**What is being asked**
Print the whole listing again exactly as it stands, leaving out any images.

***** Exercise materials

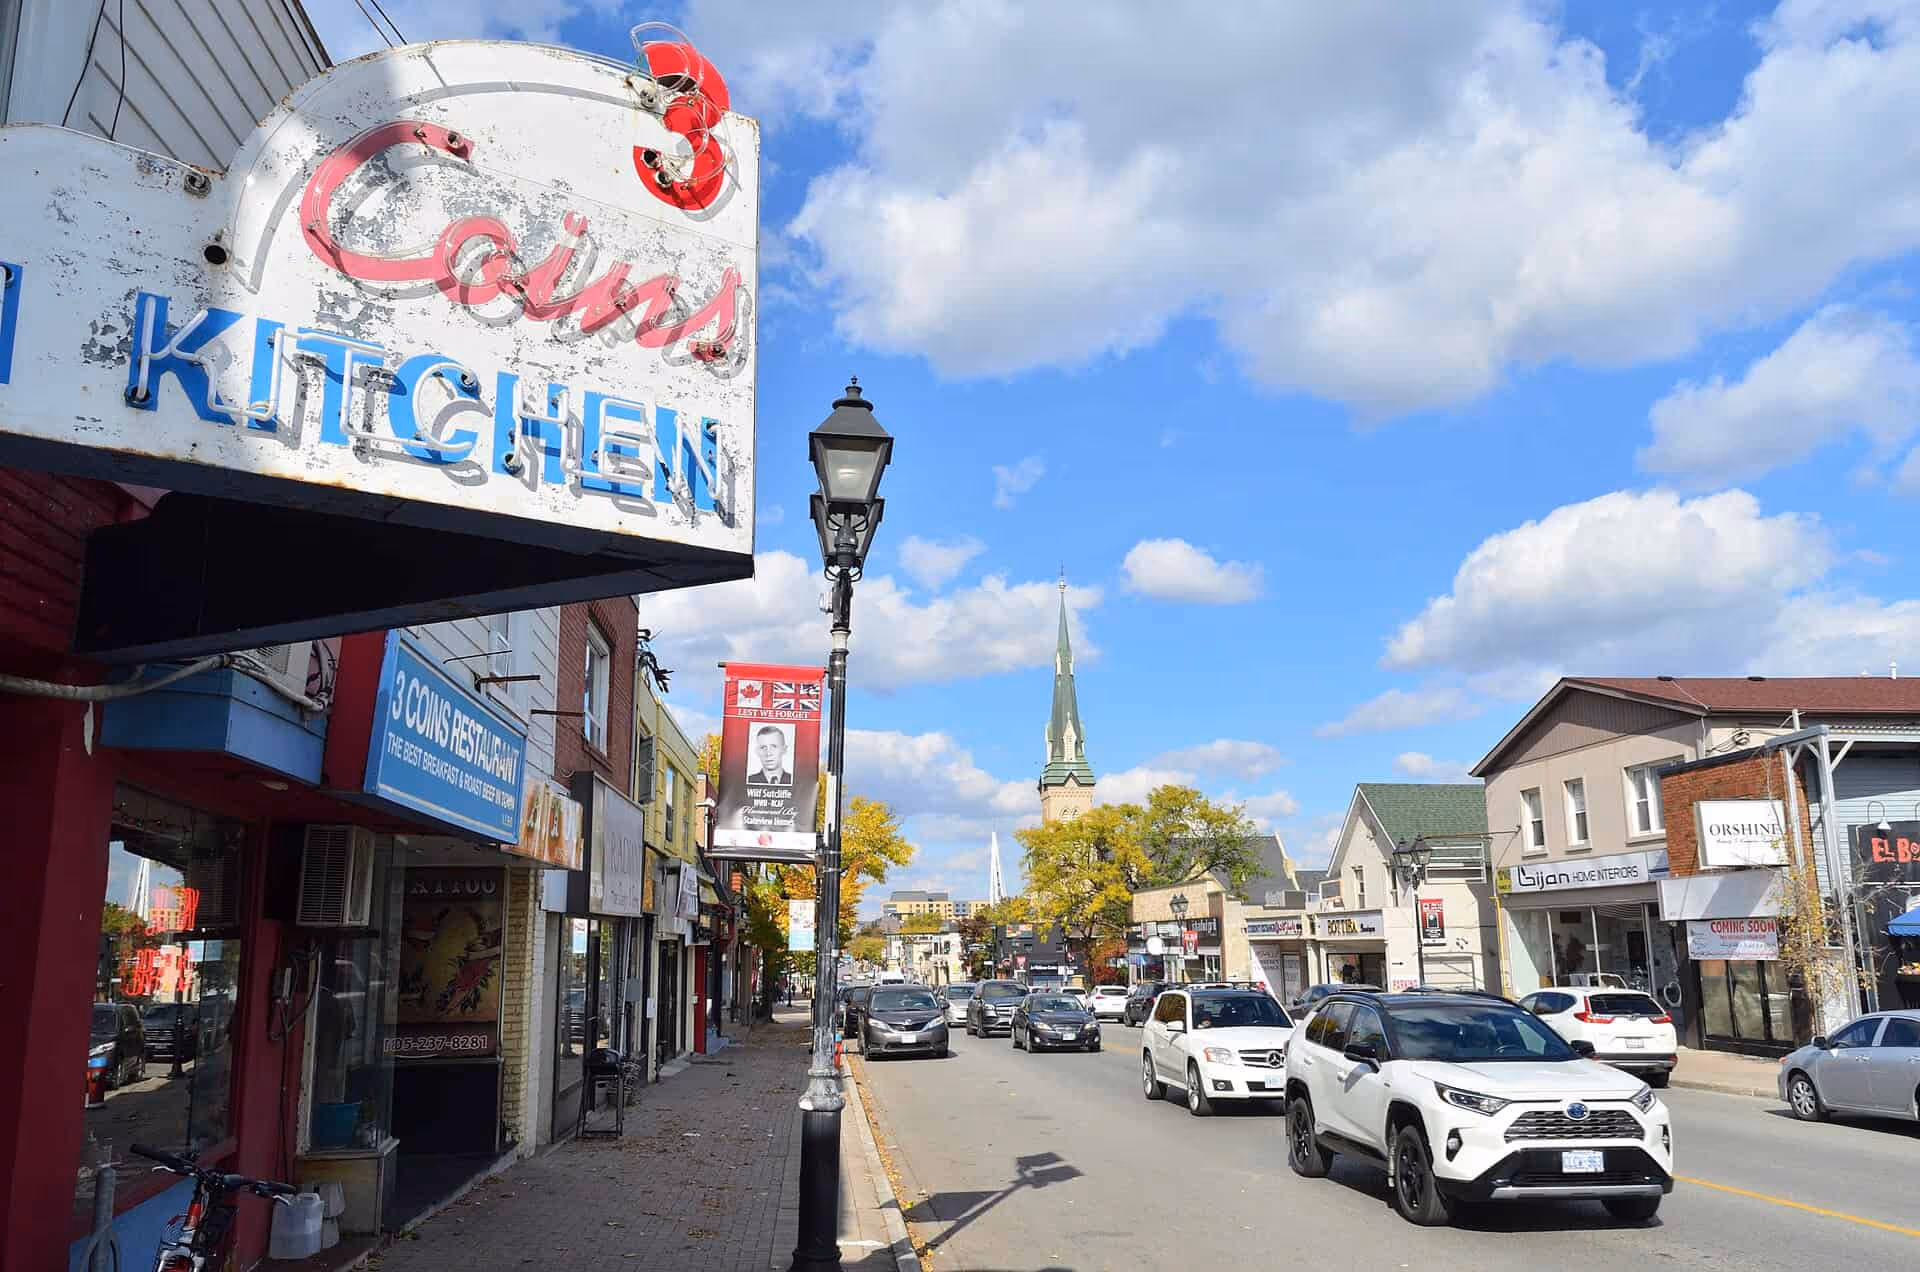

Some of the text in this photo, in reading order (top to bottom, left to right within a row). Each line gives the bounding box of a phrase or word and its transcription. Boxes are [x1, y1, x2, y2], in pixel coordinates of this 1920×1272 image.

[633, 41, 730, 210] 3
[125, 291, 720, 512] KITCHEN
[392, 670, 520, 785] 3 COINS RESTAURANT
[738, 708, 809, 719] LEST WE FORGET
[387, 732, 403, 759] THE
[403, 740, 423, 768] BEST
[423, 751, 459, 786] BREAKFAST
[459, 770, 464, 788] &
[464, 774, 483, 797] ROAST
[483, 781, 496, 801] BEEF
[746, 788, 792, 799] Wilf Sutcliffe
[1573, 870, 1596, 883] HOME
[1597, 865, 1638, 881] INTERIORS
[1711, 920, 1776, 934] COMING SOON

**********

**Your response**
Some of the text in this photo, in reading order (top to bottom, left to right within a row). Each line gives the bounding box of a phrase or word and its transcription. Boxes are [x1, y1, x2, y2], in pixel coordinates of this 1920×1272 image.

[633, 41, 730, 210] 3
[125, 291, 720, 512] KITCHEN
[392, 670, 520, 785] 3 COINS RESTAURANT
[738, 708, 809, 719] LEST WE FORGET
[387, 732, 403, 759] THE
[403, 740, 423, 768] BEST
[423, 751, 459, 786] BREAKFAST
[459, 770, 464, 788] &
[464, 774, 483, 797] ROAST
[483, 781, 496, 801] BEEF
[746, 788, 792, 799] Wilf Sutcliffe
[1573, 870, 1596, 883] HOME
[1597, 865, 1638, 881] INTERIORS
[1711, 920, 1776, 934] COMING SOON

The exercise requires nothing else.